# Exercise objective
Without including any images, set down the records below exactly.

# Provided material
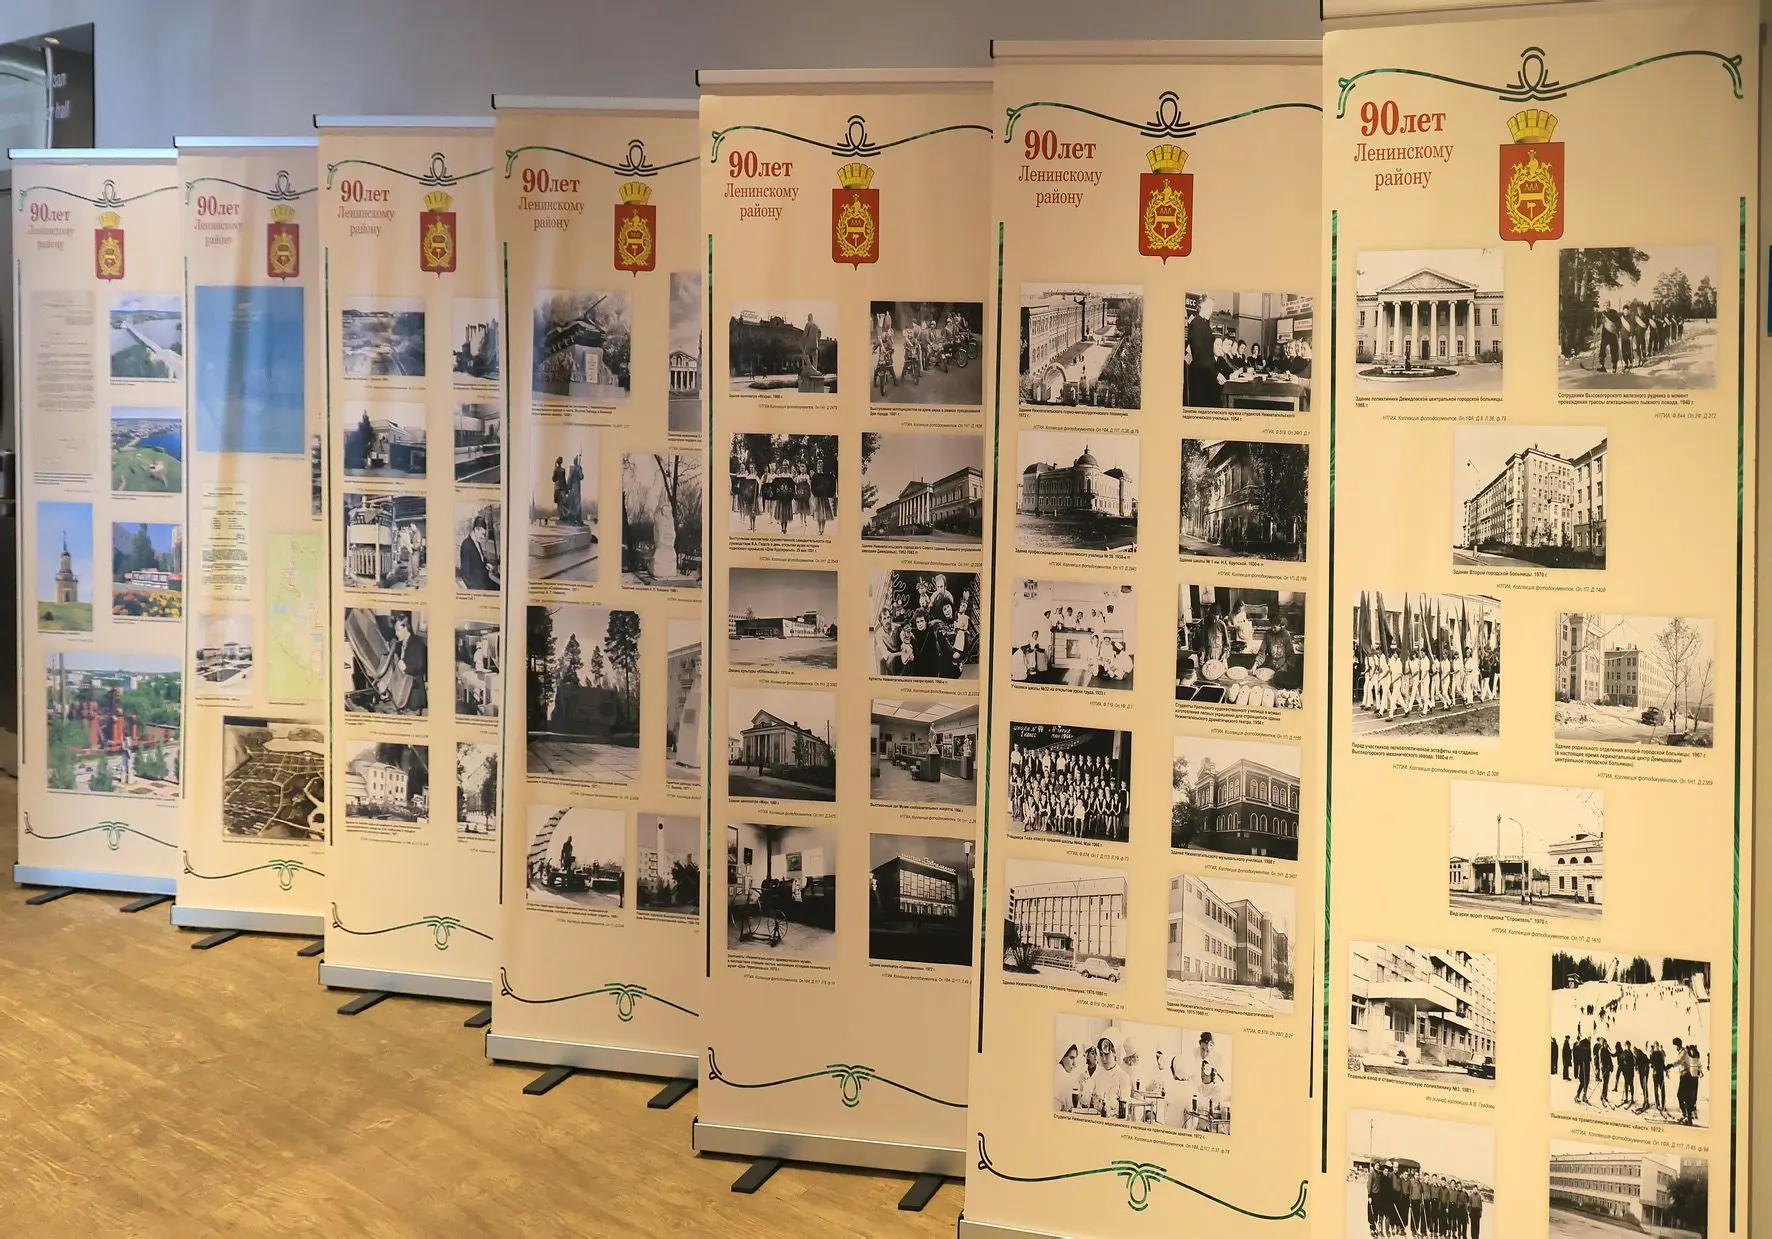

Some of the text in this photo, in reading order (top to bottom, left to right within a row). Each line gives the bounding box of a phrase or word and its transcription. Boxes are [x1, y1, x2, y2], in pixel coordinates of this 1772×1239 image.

[1360, 100, 1446, 136] 90лет
[1024, 130, 1096, 160] 90лет
[1354, 142, 1454, 163] Ленинскому
[729, 150, 793, 178] 90лет
[522, 168, 580, 192] 90лет
[1019, 165, 1102, 185] Ленинскому
[1374, 168, 1432, 190] району
[340, 180, 390, 202] 90лет
[724, 183, 799, 201] Ленинскому
[1036, 188, 1083, 208] району
[30, 202, 70, 222] 90лет
[197, 195, 239, 216] 90лет
[337, 206, 394, 220] Ленинскому
[518, 197, 584, 213] Ленинскому
[740, 204, 782, 220] району
[350, 223, 381, 236] району
[534, 216, 569, 231] району
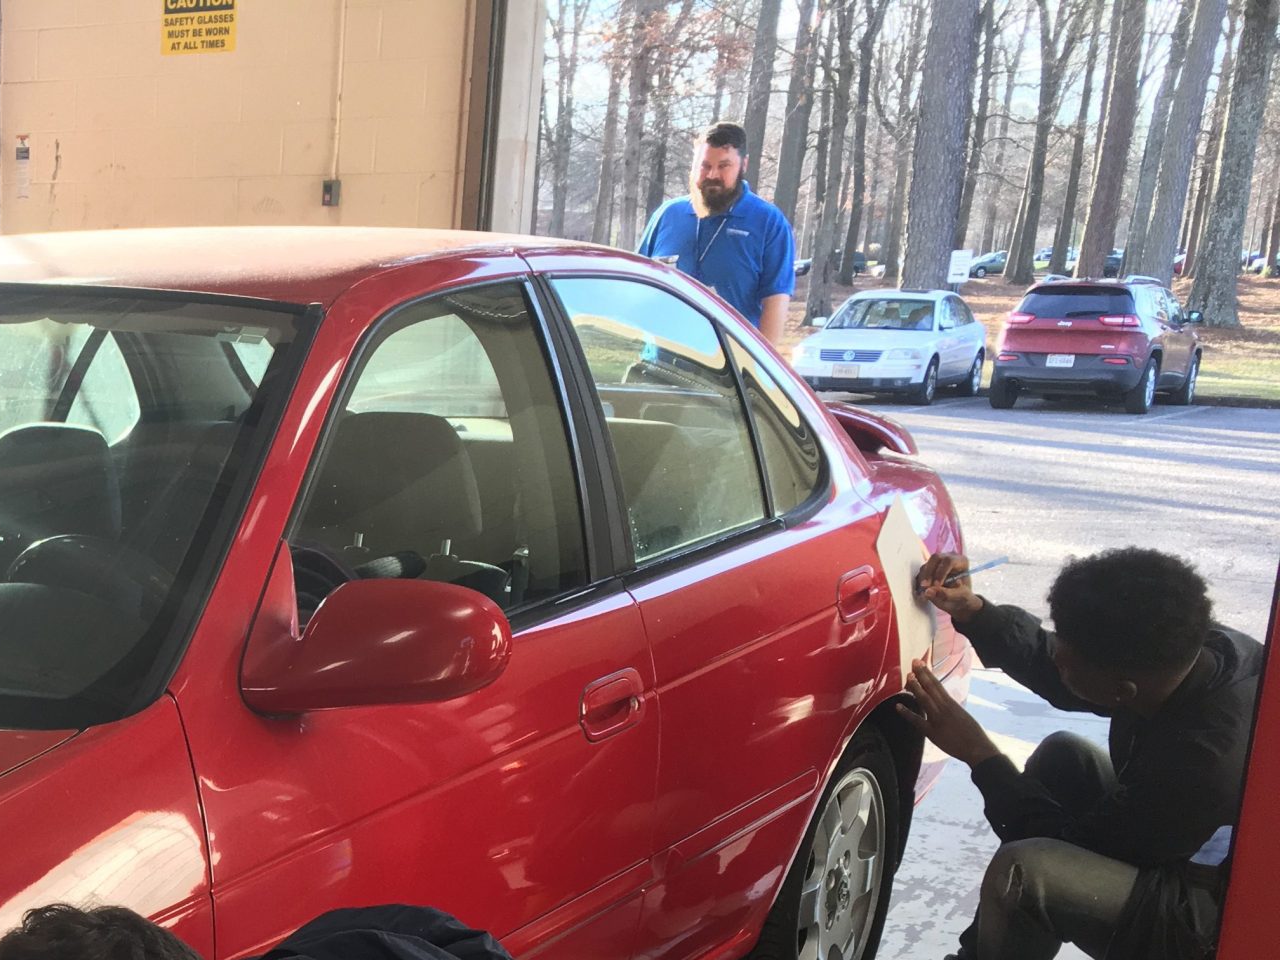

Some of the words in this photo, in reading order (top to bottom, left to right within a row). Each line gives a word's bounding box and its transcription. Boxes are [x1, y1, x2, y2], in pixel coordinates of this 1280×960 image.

[164, 16, 195, 27] SAFETY
[197, 14, 234, 24] GLASSES
[167, 29, 190, 39] MUST
[192, 28, 203, 37] BE
[205, 26, 230, 36] WORN
[170, 41, 181, 51] AT
[183, 41, 198, 50] ALL
[200, 39, 225, 49] TIMES

# Solution to this exercise
Some of the text in this photo, in reading order (top to bottom, left to right within a row). Each line gives the bounding box of a phrase or word and its transcription. Boxes are [x1, y1, x2, y2], in pixel coordinates of this 1772×1239 image.

[1360, 100, 1446, 136] 90лет
[1024, 130, 1096, 160] 90лет
[1354, 142, 1454, 163] Ленинскому
[729, 150, 793, 178] 90лет
[522, 168, 580, 192] 90лет
[1019, 165, 1102, 185] Ленинскому
[1374, 168, 1432, 190] району
[340, 180, 390, 202] 90лет
[724, 183, 799, 201] Ленинскому
[1036, 188, 1083, 208] району
[30, 202, 70, 222] 90лет
[197, 195, 239, 216] 90лет
[337, 206, 394, 220] Ленинскому
[518, 197, 584, 213] Ленинскому
[740, 204, 782, 220] району
[350, 223, 381, 236] району
[534, 216, 569, 231] району

Some of the words in this photo, in reading order (top to bottom, left to right within a row). Each line gives a word's bounding box and its transcription. Boxes are [x1, y1, x2, y2], in pixel coordinates of this 1280×960 image.

[164, 16, 195, 27] SAFETY
[197, 14, 234, 24] GLASSES
[167, 29, 190, 39] MUST
[192, 28, 203, 37] BE
[205, 26, 230, 36] WORN
[170, 41, 181, 51] AT
[183, 41, 198, 50] ALL
[200, 39, 225, 49] TIMES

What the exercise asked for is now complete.